======== Record set
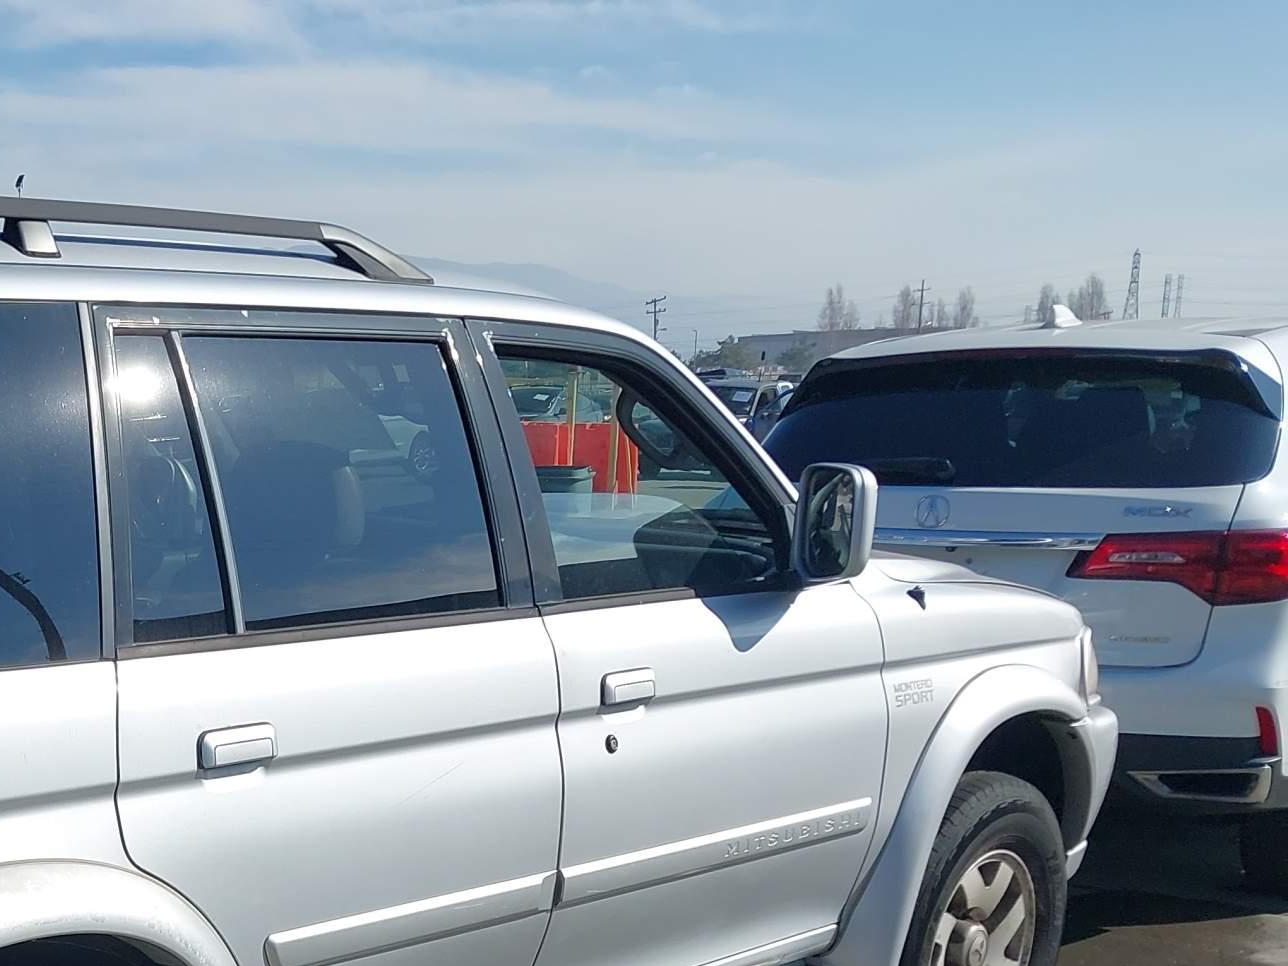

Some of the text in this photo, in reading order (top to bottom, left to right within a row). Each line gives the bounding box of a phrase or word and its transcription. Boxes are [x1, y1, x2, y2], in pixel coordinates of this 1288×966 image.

[893, 679, 934, 693] MONTERO
[895, 690, 934, 708] SPORT
[723, 812, 862, 858] MITSUBISHI
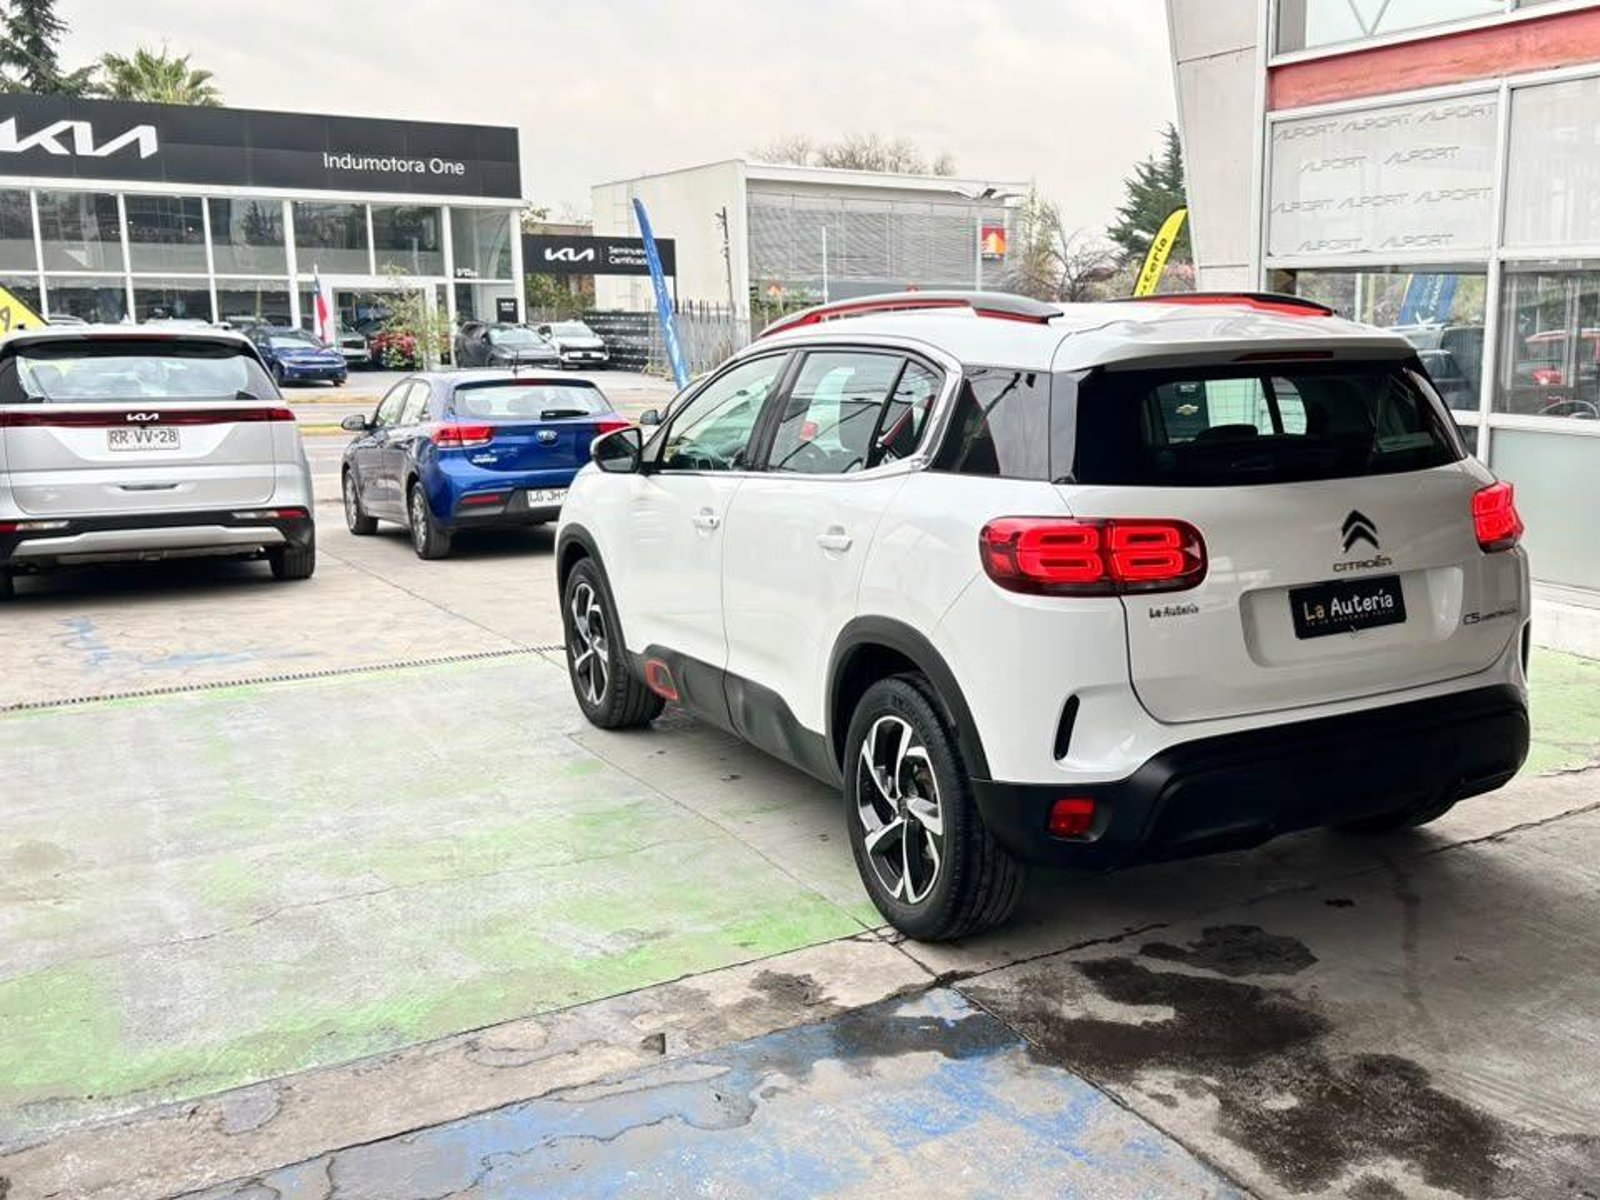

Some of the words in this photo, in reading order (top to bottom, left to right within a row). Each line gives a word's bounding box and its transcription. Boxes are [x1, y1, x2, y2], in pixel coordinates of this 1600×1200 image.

[323, 152, 425, 173] Indumotora
[429, 157, 465, 175] One
[1304, 602, 1325, 621] La
[1330, 589, 1394, 617] Autería
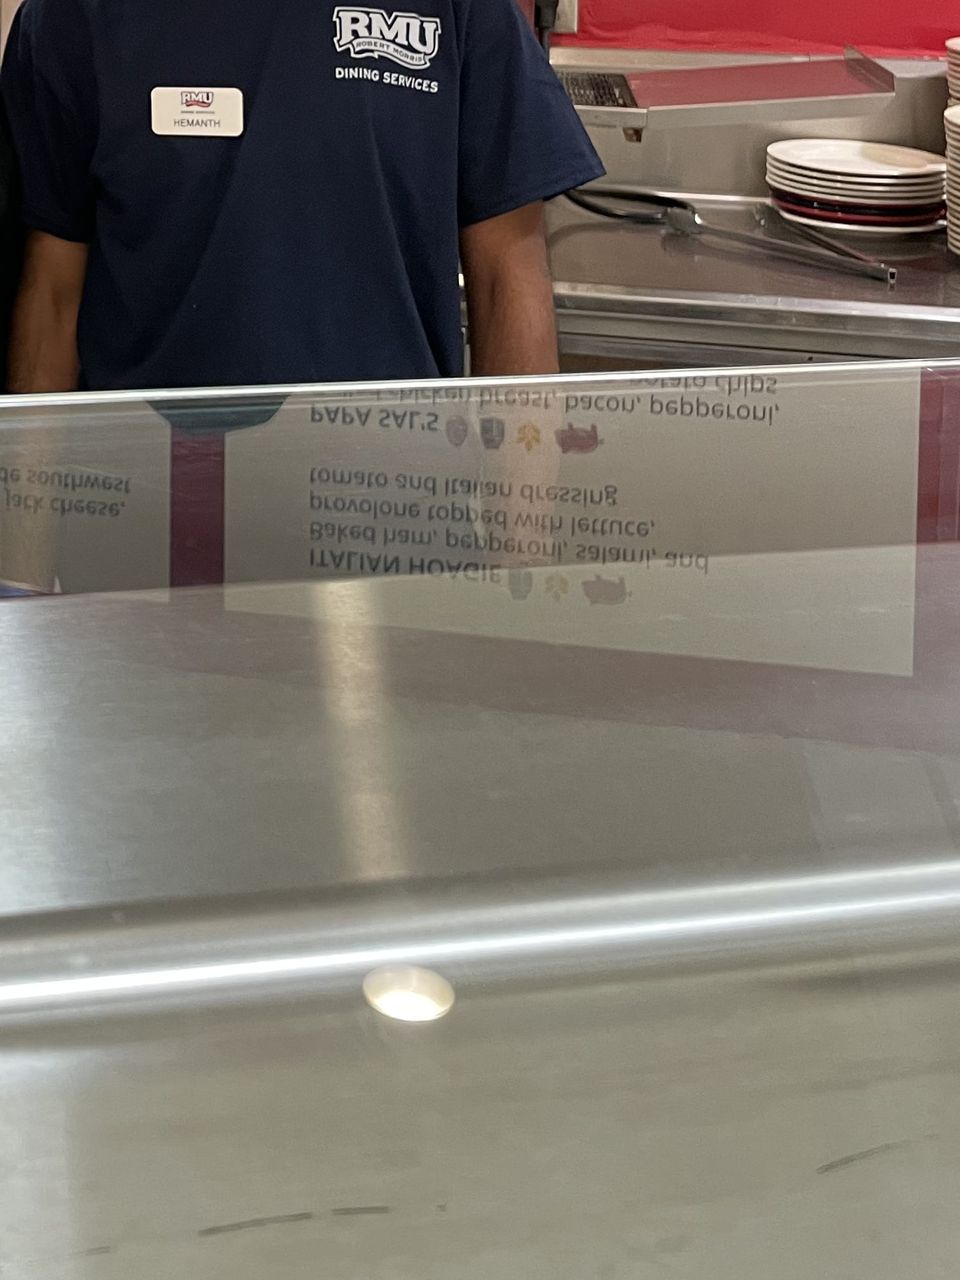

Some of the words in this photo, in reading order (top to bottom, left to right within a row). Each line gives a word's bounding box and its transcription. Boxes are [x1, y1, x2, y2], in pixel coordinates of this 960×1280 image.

[336, 9, 439, 55] RMU
[335, 67, 380, 82] DINING
[382, 71, 439, 93] SERVICES
[173, 118, 221, 128] HEMANTH
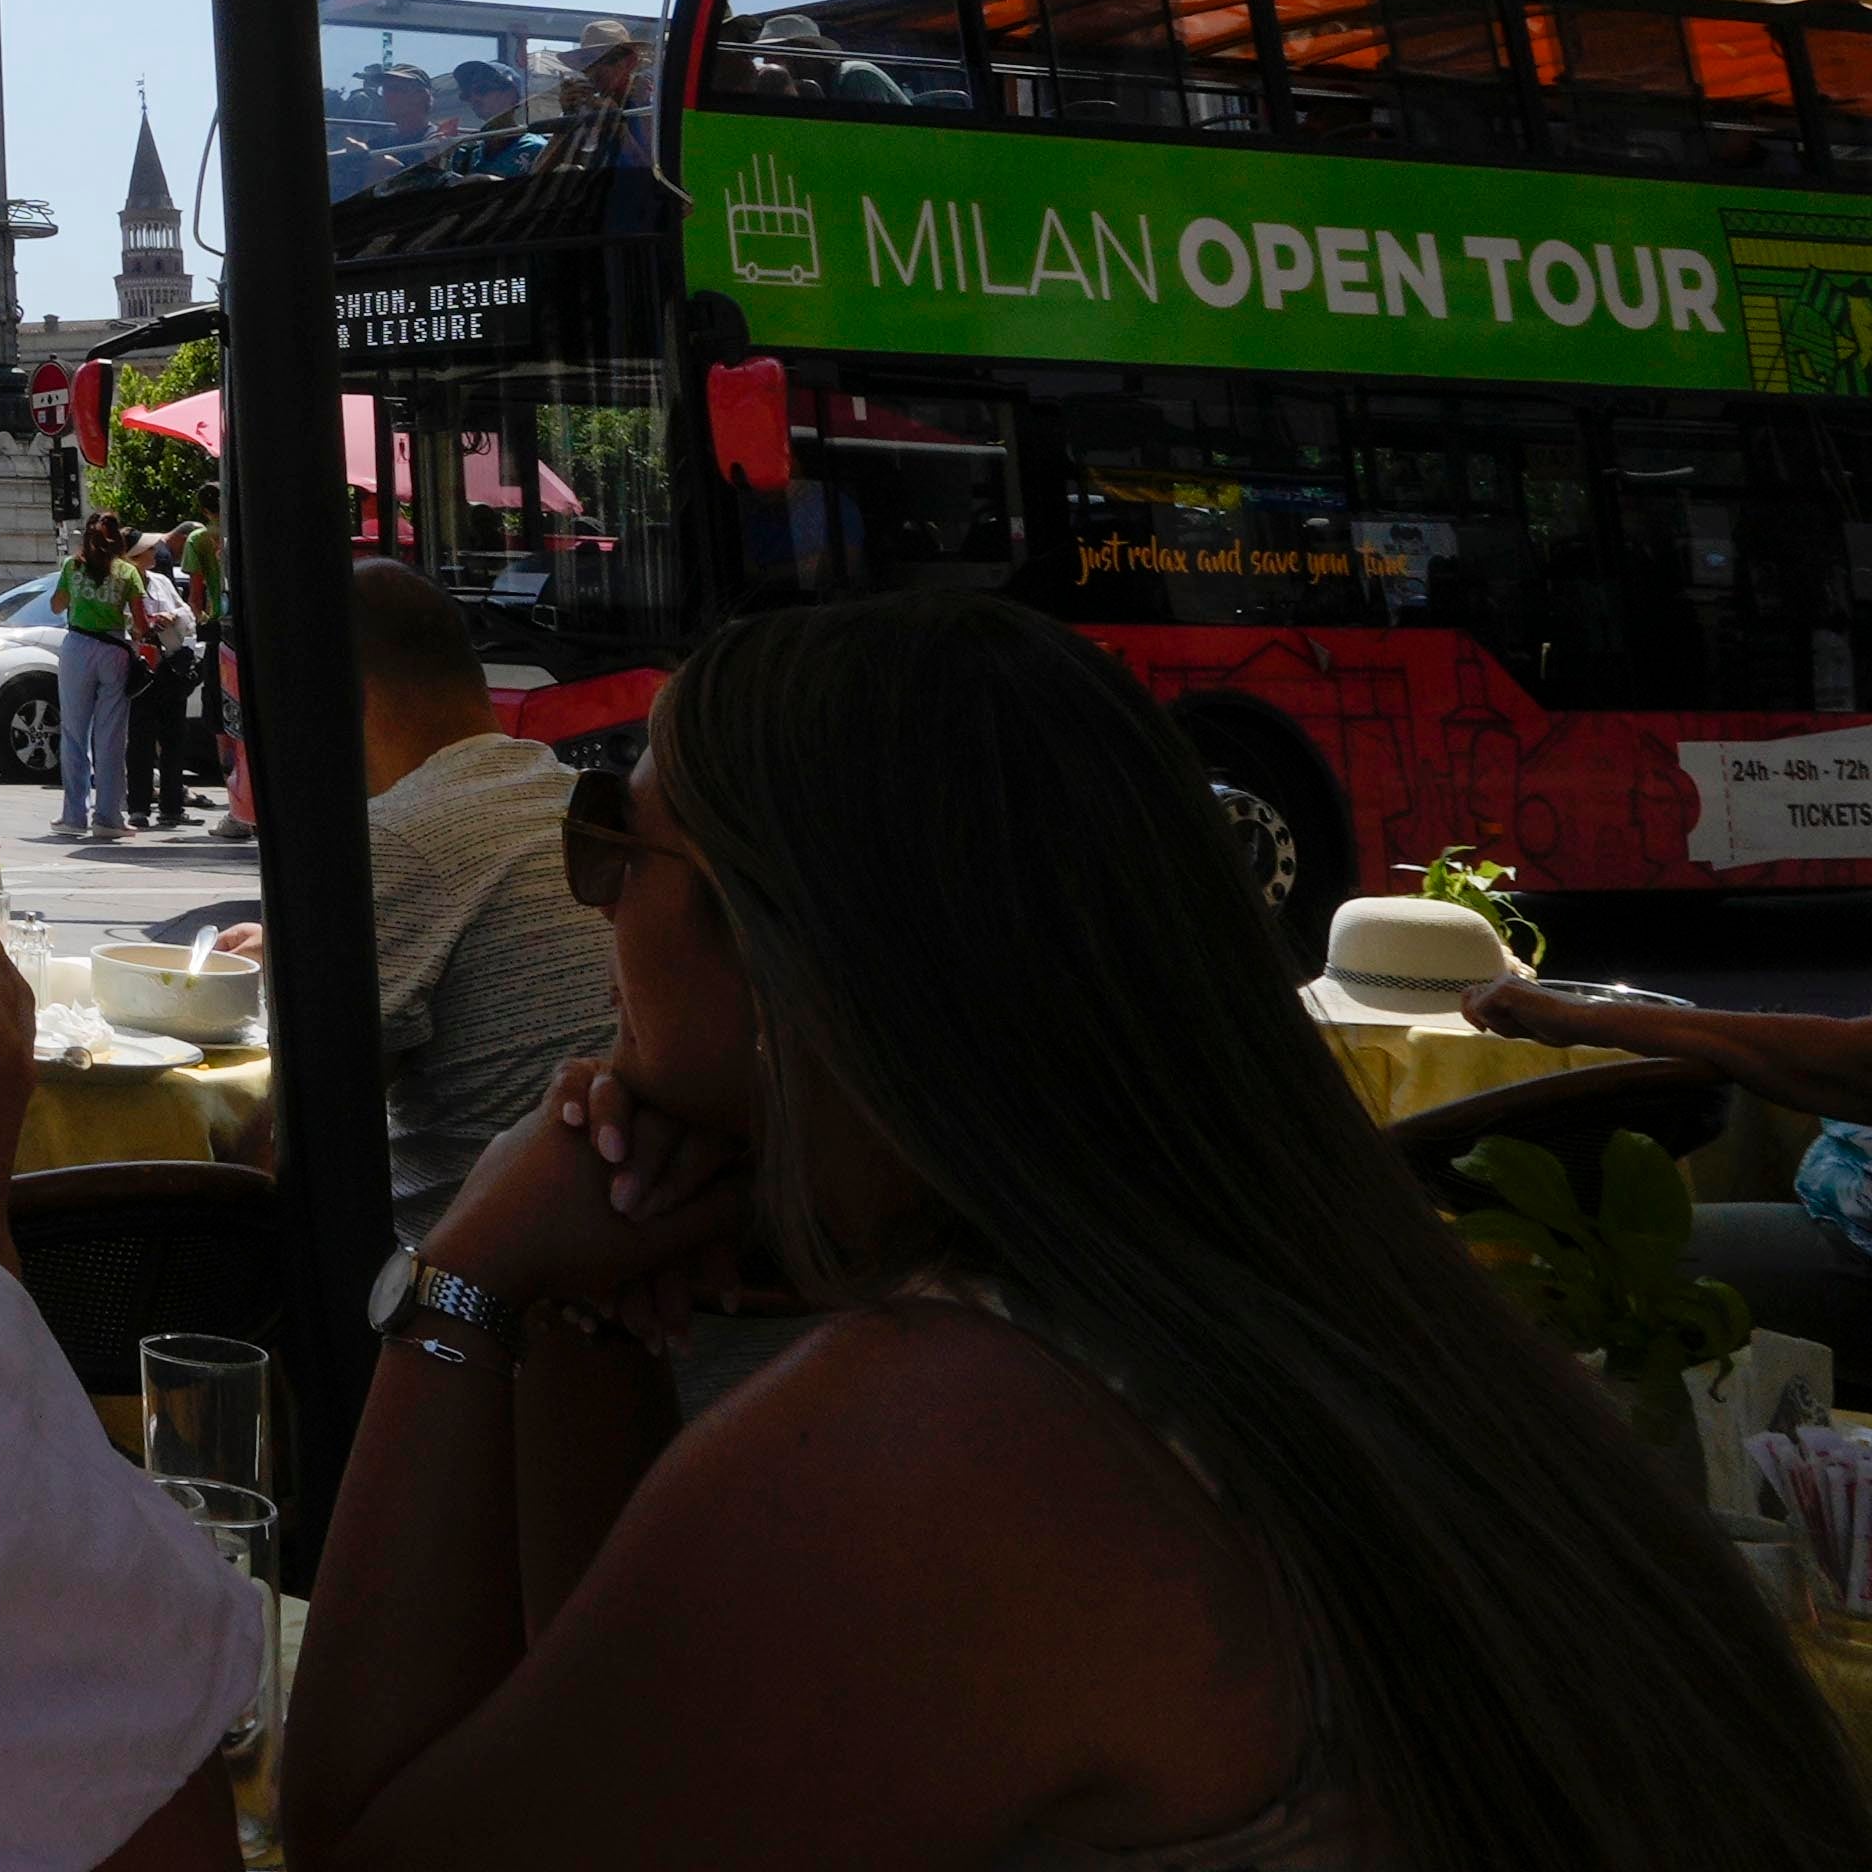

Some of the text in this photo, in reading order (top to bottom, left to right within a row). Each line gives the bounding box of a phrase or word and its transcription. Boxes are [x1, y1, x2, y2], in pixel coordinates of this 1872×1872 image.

[861, 194, 1727, 334] MILAN OPEN TOUR
[430, 277, 526, 310] DESIGN
[367, 313, 483, 346] LEISURE
[1075, 531, 1129, 585] just
[1127, 534, 1190, 575] relax
[1196, 538, 1246, 575] and
[1250, 548, 1301, 575] save
[1732, 760, 1769, 781] 24h
[1784, 759, 1818, 780] 48h
[1833, 759, 1871, 781] 72h
[1787, 803, 1872, 827] TICKETS
================
Your copy should match the entries above exactly and contain no pictures.

Solution for this problem
Some of the text in this photo, in reading order (top to bottom, left to right within a row). Each line gives the bounding box of a phrase or word and its transcription. Boxes are [x1, y1, x2, y2], in pixel coordinates of this 1288×966 image.

[893, 679, 934, 693] MONTERO
[895, 690, 934, 708] SPORT
[723, 812, 862, 858] MITSUBISHI

Some of the words in this photo, in reading order (top to bottom, left to right within a row). Each line gives a word's bounding box and its transcription. Boxes are [x1, y1, x2, y2], in pixel coordinates of this 1600×1200 image.

[323, 152, 425, 173] Indumotora
[429, 157, 465, 175] One
[1304, 602, 1325, 621] La
[1330, 589, 1394, 617] Autería

Some of the words in this photo, in reading order (top to bottom, left to right within a row). Each line gives a word's bounding box and its transcription. Boxes are [x1, y1, x2, y2], in pixel coordinates of this 960×1280 image.

[336, 9, 439, 55] RMU
[335, 67, 380, 82] DINING
[382, 71, 439, 93] SERVICES
[173, 118, 221, 128] HEMANTH

Some of the text in this photo, in reading order (top to bottom, left to right within a row). Each line gives the bounding box of a phrase or word and its transcription. Boxes are [x1, y1, x2, y2], in pixel coordinates of this 1872×1872 image.

[861, 194, 1727, 334] MILAN OPEN TOUR
[430, 277, 526, 310] DESIGN
[367, 313, 483, 346] LEISURE
[1075, 531, 1129, 585] just
[1127, 534, 1190, 575] relax
[1196, 538, 1246, 575] and
[1250, 548, 1301, 575] save
[1732, 760, 1769, 781] 24h
[1784, 759, 1818, 780] 48h
[1833, 759, 1871, 781] 72h
[1787, 803, 1872, 827] TICKETS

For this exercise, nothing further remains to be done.